Thursday, October 18, 2007

The Red Slip Project

Lingerie travels the world in ‘The Red Slip Project’
By Emily Macrander

Photographer Shanti Matulewski incorporates everything from burlesque dancers to drag kings in her new exhibit.
The red slip has never been washed, has traveled internationally and just this past weekend took a dip in the Atlantic, soaked in the shower and swam in a swimming pool. But it has never gone for a spin in the washing machine.
The soiled poly-blend candy red piece of lingerie ties together photographer Shanti Matulewski’s collection, “The Red Slip Project,” which will be shown at the Austin Figurative Gallery Saturday night.
Matulewski began work on the project in May of 2005 when she was in Italy participating in an urban photography workshop under Harvey Stein. Her class was asked to shoot a small collection of photographs based upon their surroundings.
“I asked myself how I was going to make my work stand out from all the other people in the workshop who were walking around shooting essentially street scenes,” Matulewski said.
“It was this meditative moment. I was on this spiritual high when I was there. Everything the color red represents was how I was feeling: alive, impassioned, and all those things the color symbolizes,” said Matulewski. “I thought, well, I have this slip. I’ll let all the other workshop participants wear it, and I’ll shoot them out at night. I ended up shooting pictures of myself as well. That’s how it all got started.”
Two years later, the Red Slip Project is still a work in progress. Participants, the subjects of the photographs who wear the red slip, have ranged from those near and dear to the artist to acquaintances.

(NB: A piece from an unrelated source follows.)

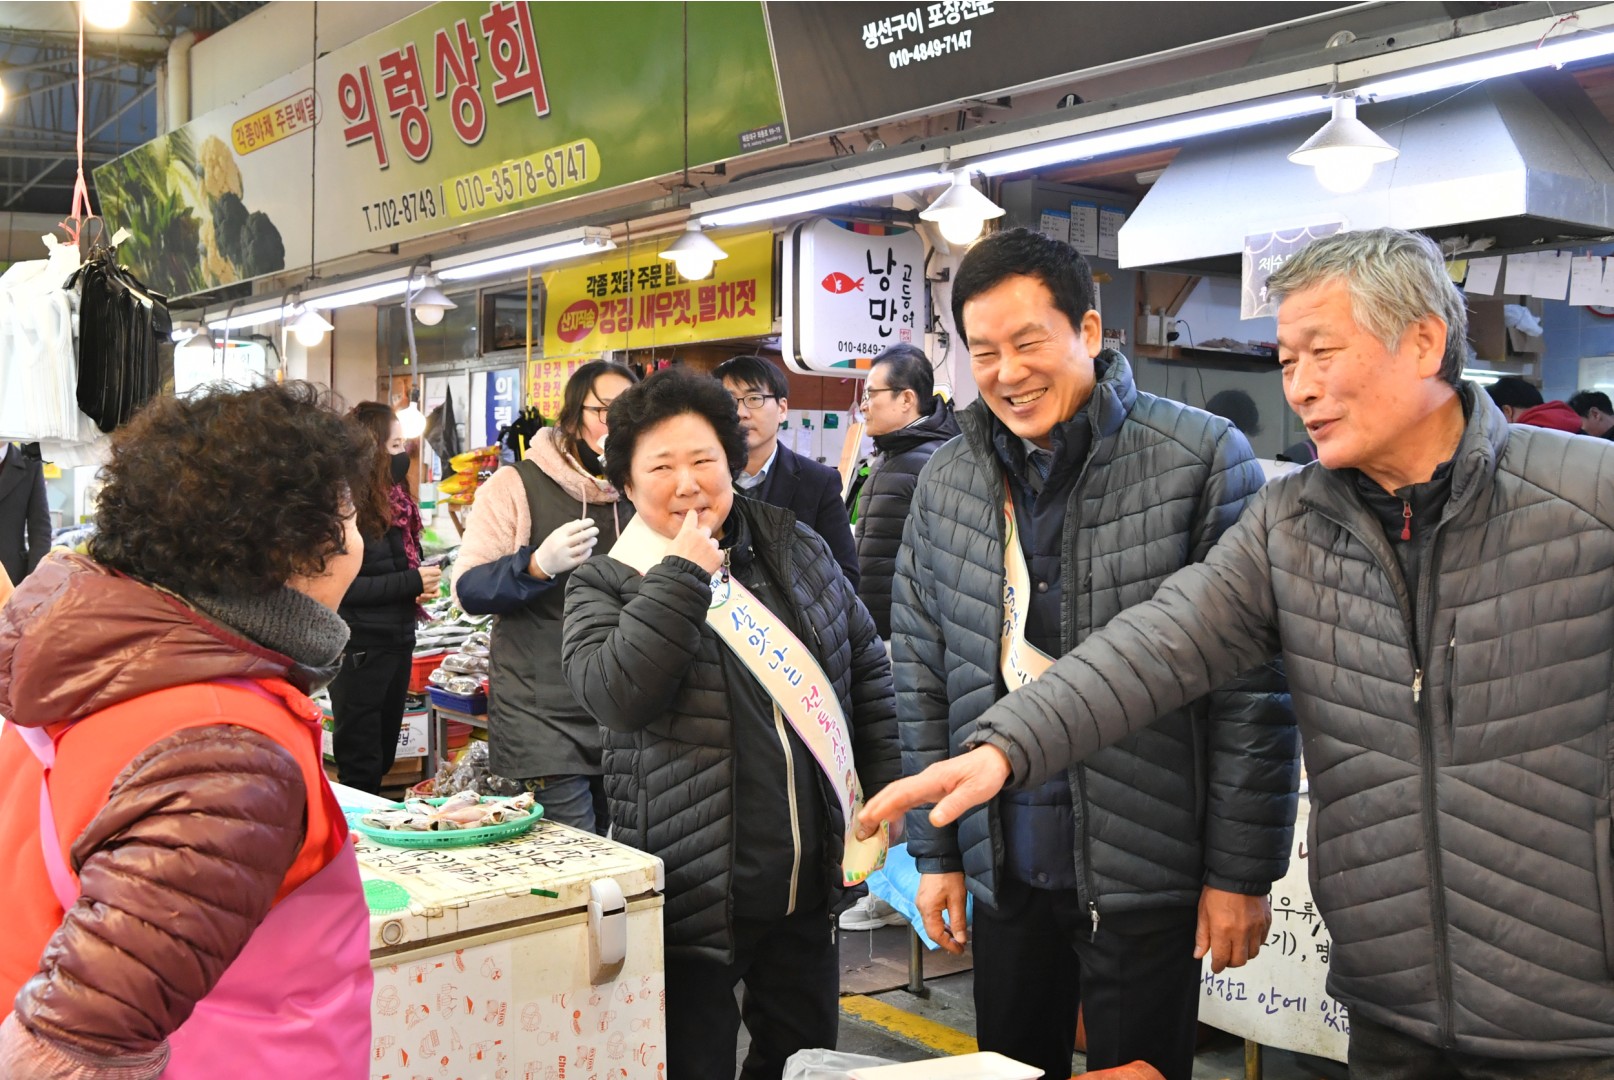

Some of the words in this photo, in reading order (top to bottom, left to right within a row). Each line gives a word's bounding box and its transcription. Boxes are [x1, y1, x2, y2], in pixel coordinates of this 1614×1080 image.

“Oftentimes a friend of a friend will hear about what I am doing and say ‘I totally want to do that. Let’s meet up next Saturday.’ And it’s done. There’s this sense of instant gratification. There’s not too much planning,” said Matulewski. “Sometimes, if I know someone well enough, I will see how I want to shoot them. I may say ‘Hey, why don’t we try this?’ and the process is more collaborative.”

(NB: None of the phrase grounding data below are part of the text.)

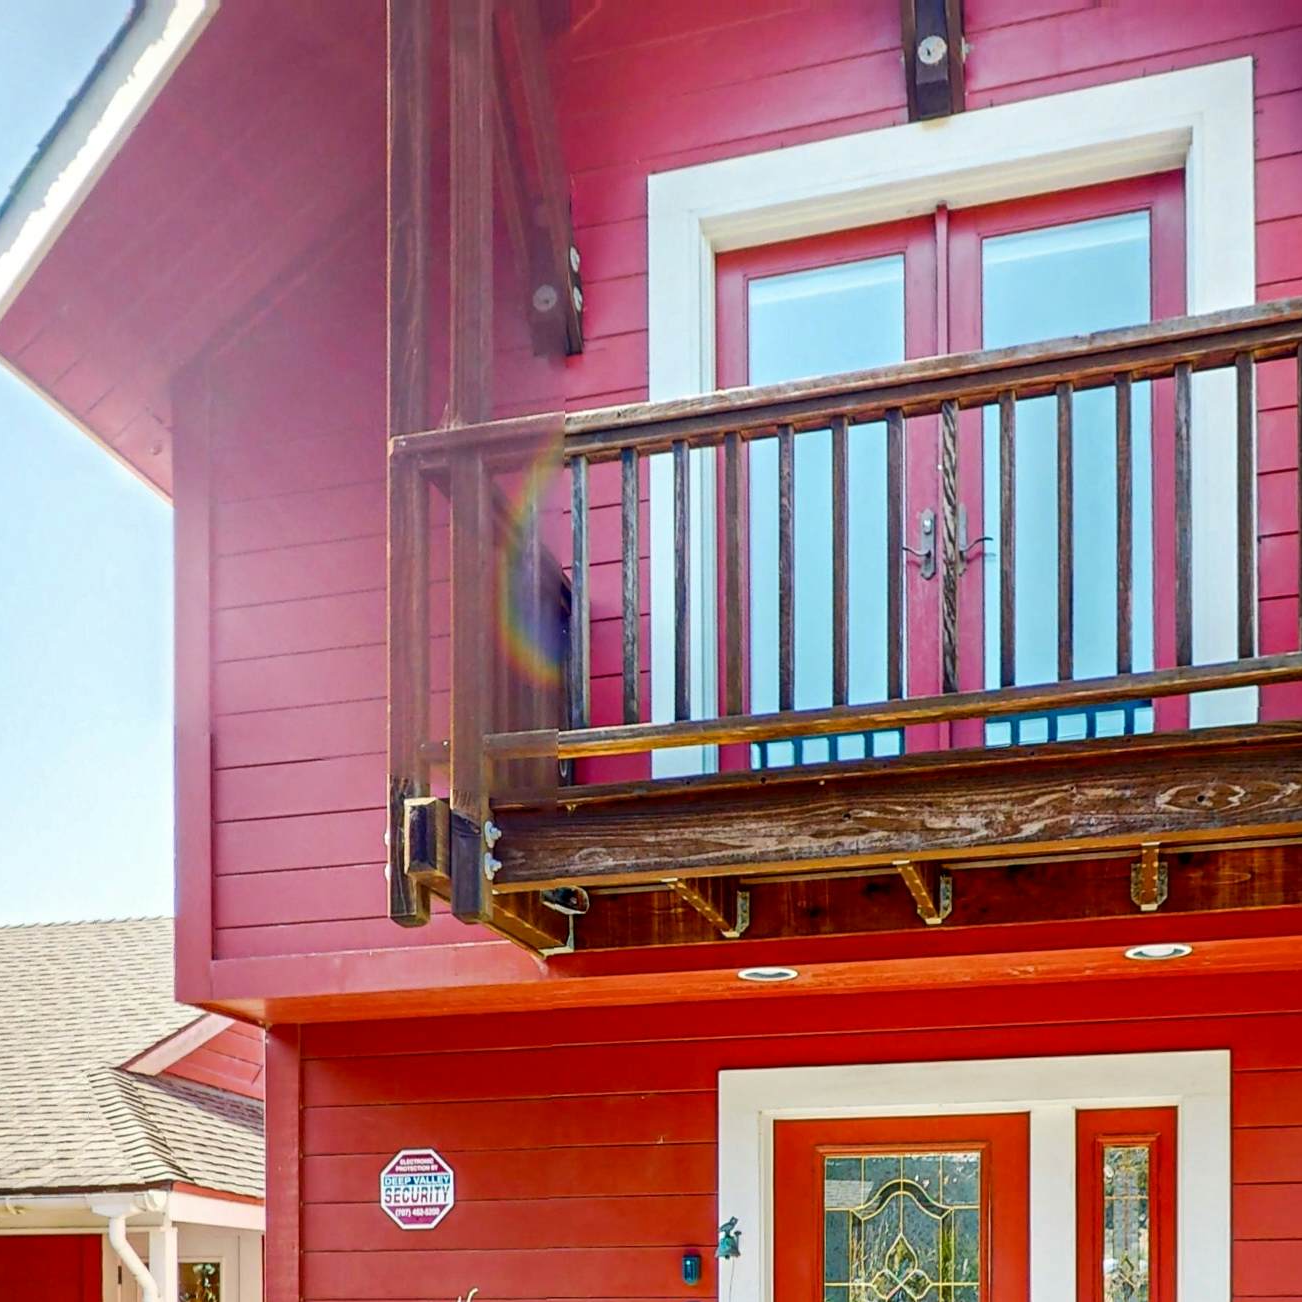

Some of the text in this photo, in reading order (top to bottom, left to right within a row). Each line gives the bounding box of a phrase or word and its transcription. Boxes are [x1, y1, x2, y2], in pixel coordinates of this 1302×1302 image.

[385, 1175, 449, 1185] DEEP VALLEY
[384, 1186, 449, 1203] SECURITY
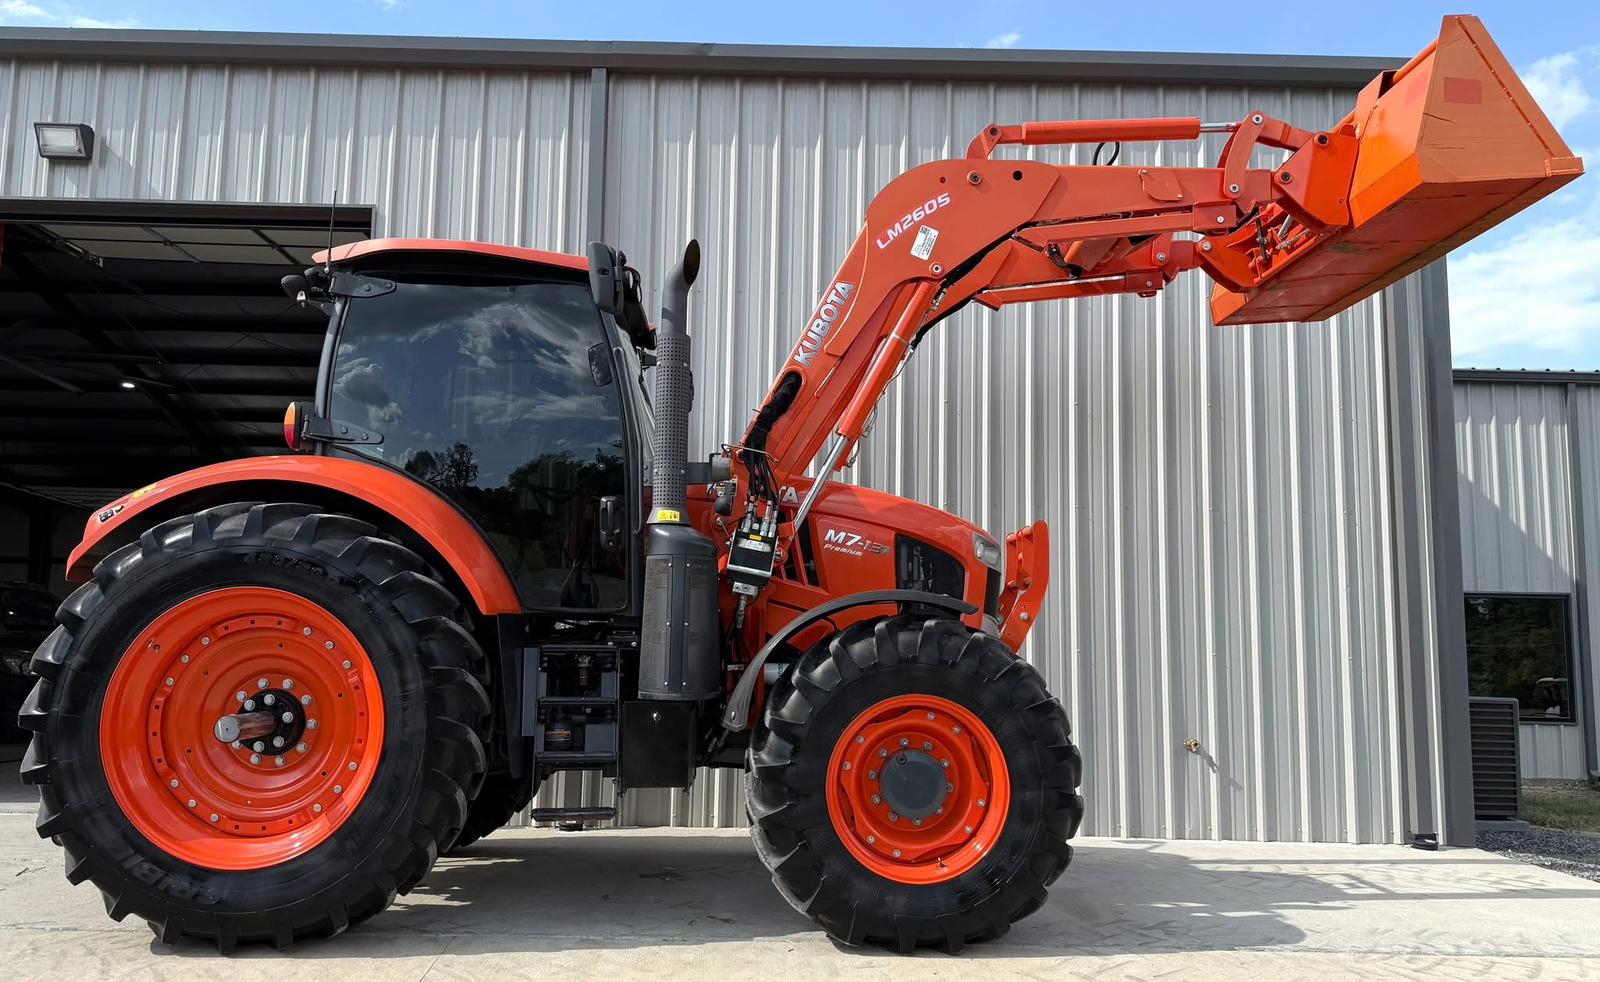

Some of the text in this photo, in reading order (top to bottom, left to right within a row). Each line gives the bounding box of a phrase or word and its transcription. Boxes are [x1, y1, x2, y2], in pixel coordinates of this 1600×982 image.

[876, 192, 950, 249] LM2605
[793, 281, 855, 367] KUBOTA
[823, 543, 863, 557] Premium

Since handed a camera as a young teenager, Matulewski has recorded her surroundings frame by frame. On a recent trip to Lubbock, Matulewski and her creative collaborator and fellow artist Annie Simpson took a collective 900 photographs in 48 hours.
Matulewski’s interest in bending and blurring accepted gender norms is evident in her photography and stage work. For Matulewski, art is her way of discovering how to be what she defines as her best self. From hyper-femme burlesque dance to drag-king, Matulewski seeks forms of expression where she feels free from constraint.
“It’s fun to try on all of these different characters. Each character is a combination of a lot of things that are inspiring me at that time,” said Matulewski.
“What it comes down to is finding strength within myself, and ultimately becoming more of who I already am.”
A synesthetic quality, where something such as sound makes the viewer see something else like a color, is the common thread between Simpson’s and Matulewski’s work. But what is good art?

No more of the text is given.